Swift is NASA's gamma-ray burst explorer mission. The wide field hard X-ray monitor called Burst Alert Telescope (BAT) detects and localize a gamma-ray burst (GRB). The spacecraft autonomously repoints to a GRB location to bring the field of the X-ray telescope (XRT) and the UV/Optical telescope (UVOT). Swift observes ~100 GRBs per year.
The Yoshida-lab's assistant professor, Taka Sakamoto, is the instrument team member of BAT.

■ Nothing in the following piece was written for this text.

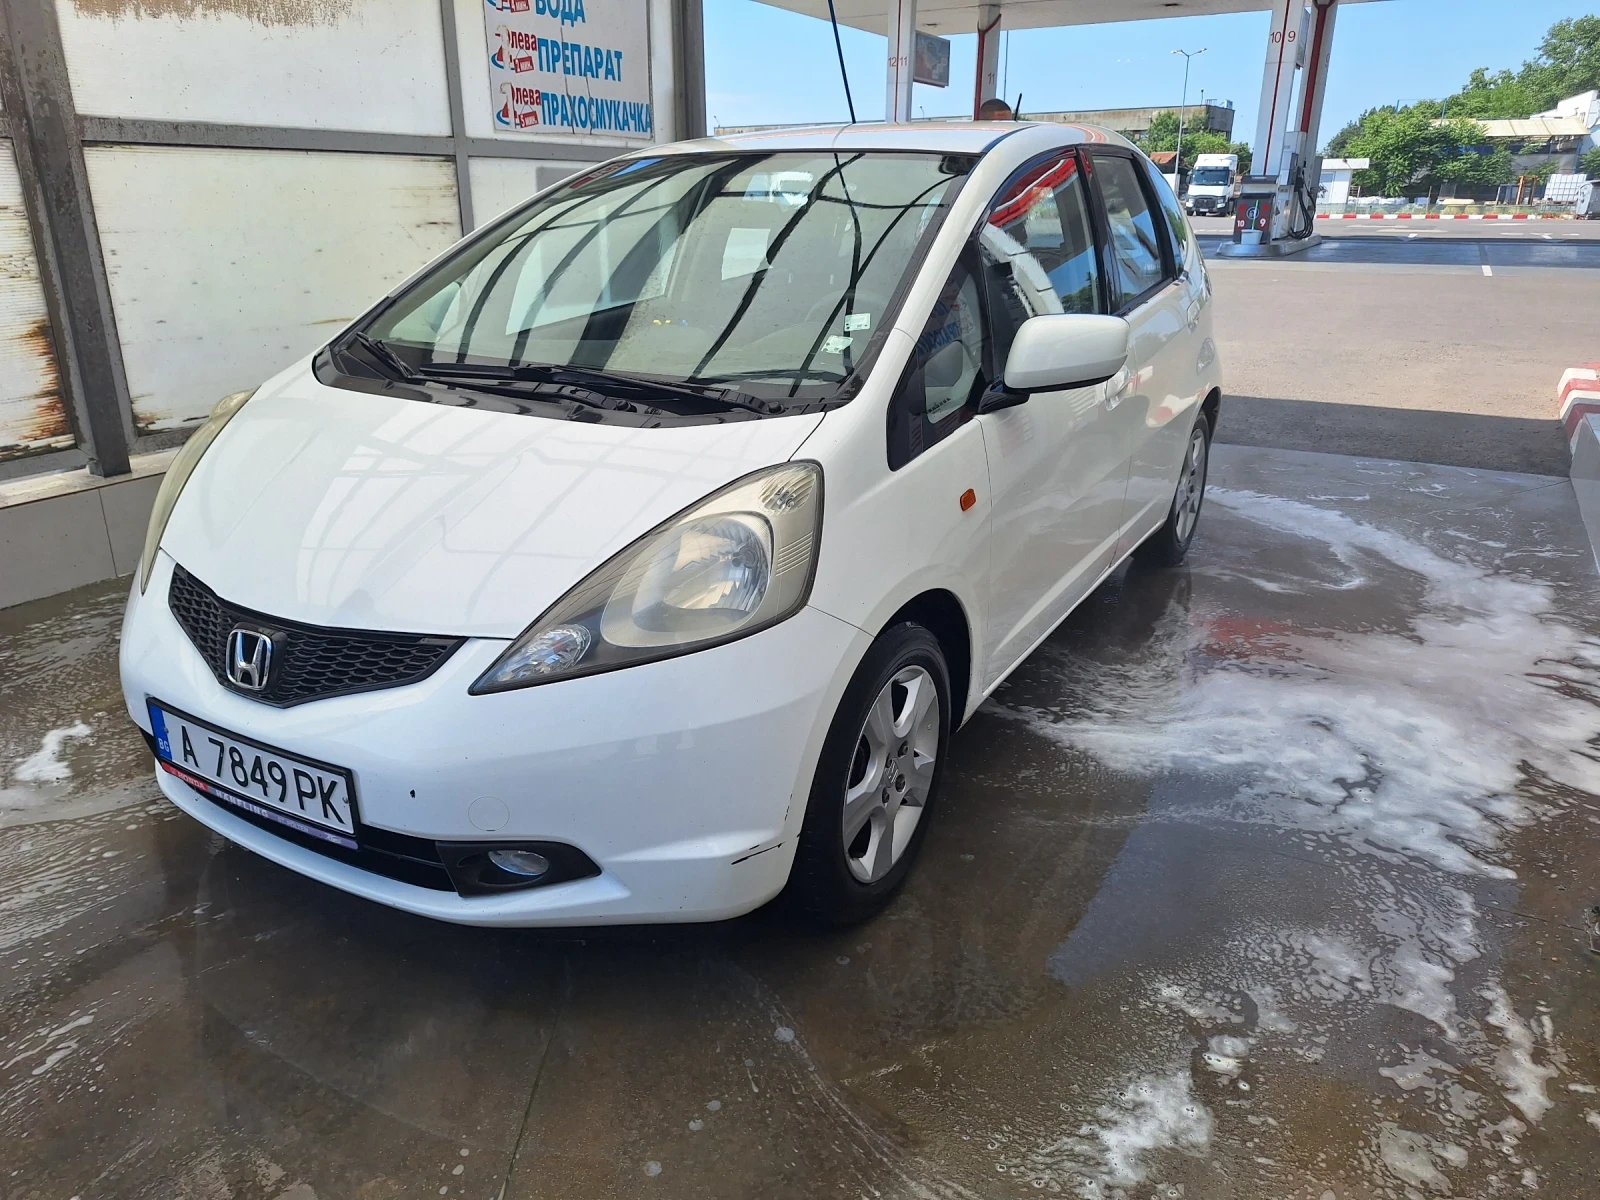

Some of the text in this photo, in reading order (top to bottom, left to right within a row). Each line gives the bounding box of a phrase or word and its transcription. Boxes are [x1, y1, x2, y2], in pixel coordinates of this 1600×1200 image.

Swift/BAT monitors the sky in the 15-200 keV band thanks to its wide field of view (1.4 sr). On the other hand, the MAXI GSC monitors the all-sky in the 2-20 keV band every 90 min. Our transient monitor combines the data of the Swift/BAT and MAXI/GSC data to cover the broad spectral coverage of 2-200 keV for known 106 high energy transient sources. The paper explainig about our pipeline has been accepted for publication in PASJ.
The initial data (data within 7 days after its observation) of Swift are archived at the Swift Quick-Look site of the Swift Data Center (SDC) located at NASA Goddard Space Flight Center. All the data at this Swift QL site are mirrored at the web server of AGU.
The Swift data more than 7 days old are archived at the HEASARC. All the Swift/BAT data since December 2004 are mirrored at the web server of AGU.
All the Swift/XRT data on the Swift quick-look site are analyzed automatically every three hours when the new data are available. The original script is developed by Goro Sato (ISAS/JAXA).
Automatic script to find X-ray transients analyzing the Swift quick-look data of Swift/XRT. The script runs every hour. When there is an uncatalog source in the Swift/XRT image, the script notify us.